Now he is back in Centralia. And Centralia is still a flying school, except these days the cadets come from NATO countries. And there
are families. There are station wagons, barbecues and sprinklers. There is peace.

Most of his friends were killed.

He squeezes then releases his wife’s hand, and starts the car. He rounds slowly back between the hangars. Time to show Mimi the social hub of RCAF Centralia. It’s bound to be nice, they always are. High-polish wood and leather, sterling silver, white linen and gardenias. The officers’ mess. Worth squeezing yourself into a monkey suit, if you are an officer, and, more important, worth spending hours slipping into your best satin décolleté if you are an officer’s wife. But formal events are far from the rule. Weekly dances require nothing more than a sports jacket and tie for the men, party dresses for the wives; bingos, raffles, barbecues and corn roasts are even more casual.

Mimi considers her husband’s profile. She likes to tease him that he looks too young for her, although he is a year older. Something innocent about his blue eyes—it could be his lashes, golden brown and too long for a man. She wants to rest her head on his shoulder while he drives, the way she used to when they were courting. Feel his cheek light against her lips, his smooth shave, knowing he can feel her breath, wondering how long it will take him to pull over…. Jack looks unconcerned but she knows it means something to him, being back here. He teases her about being “dramatic” but she knows this is where he had his heart broken. Not by a woman, by an airplane.

She knows better than to talk about it, or to show him she knows by any sign other than being happy here. By plunging in and organizing their life, unpacking her formals along with the pots and pans, joining the Officers’ Wives Club, sending his uniform to the cleaners…. Something she would never tell him: she is glad not to be married to a pilot. Salt of the earth, life of the party, some of their best friends, but … the worry for the wives when the men are flying. And the waiting after work when the men are together, drinking. High-strung esprit de corps, for all her husband’s belief in how relaxed the air force is compared to the army. Mimi knows, but does not say, that men who are relaxed with other men are sometimes anything but, once they get home. She is grateful to be a wife, not a cheerleader. She has the best of both worlds: a man in uniform whose first love is his family.

She looks away, not wanting him to feel watched. He is whistling through his teeth. He’s going to be fine.
I have such a good man
. There is nothing more erotic than this knowledge, no Hollywood scene could rival this station wagon in the sunshine with this man and his children and the secret that only she knows: his face, hovering just above her own, deserted by his defences. At the mercy of his own strength, needing her to take it from him, keep it safe. Then give it back to him. She slips her hand onto his thigh.

Jack turns left on Alberta Street and follows the one curve on the base.

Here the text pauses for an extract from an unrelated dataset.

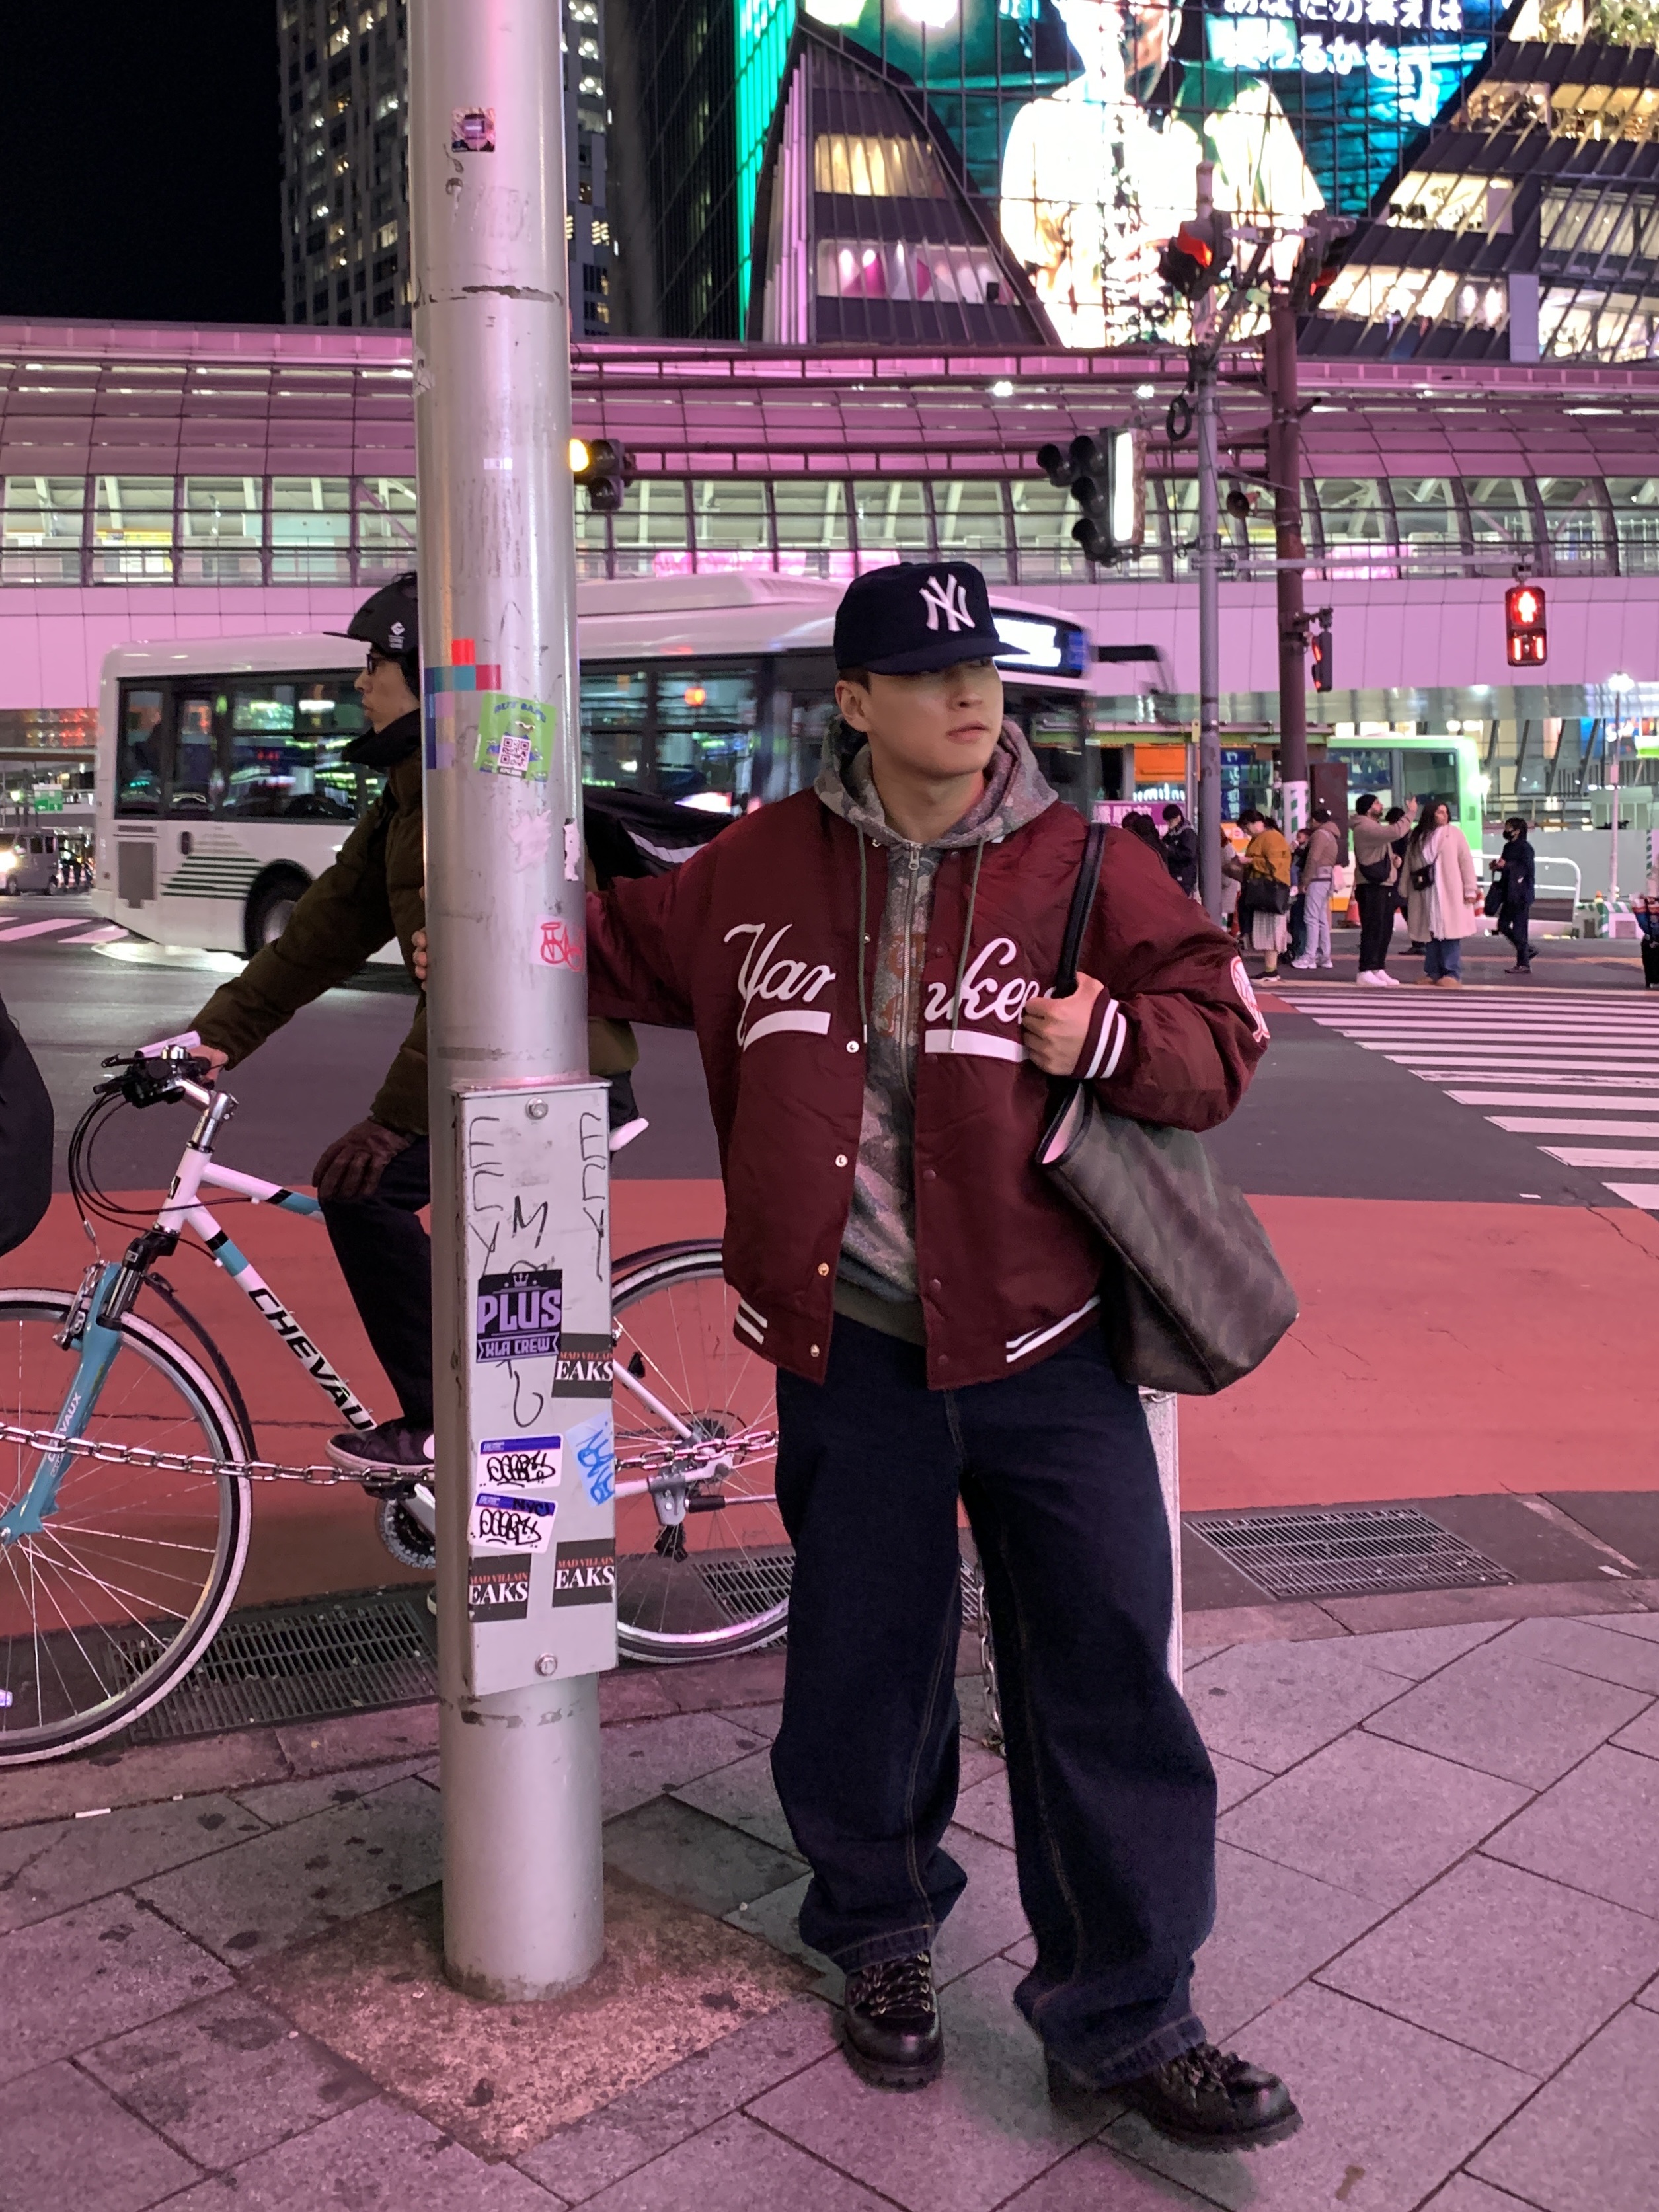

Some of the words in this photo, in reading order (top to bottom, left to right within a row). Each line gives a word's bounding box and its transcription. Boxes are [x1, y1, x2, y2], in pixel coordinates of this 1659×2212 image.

A slow circular drive leads to a stone building couched in hedges and flower beds. Low-slung Frank Lloyd Wright, its granite facade a glamorous contrast to the architectural whiteout everywhere else.

“There you go, Missus,” he says.

Flagstone steps lead to a pair of oak doors. Tilted wood-framed picture windows afford a glimpse of cocktail tables and chairs between burgundy-and-blue curtains—the air force tartan. The dance floor gleams. It is possible to fall in love with your wife all over again in the time it takes to escort her up to the open doors where the sounds of a swing orchestra greet you, along with the clink of glasses, the aroma of the buffet, the laughter of men and women. Enchanted evenings.

“Bon,”
says Mimi. And they drive on.

Mike says, “Where’s your building, Dad?”

“Oh we just passed it, buddy, it’s back there on the right.”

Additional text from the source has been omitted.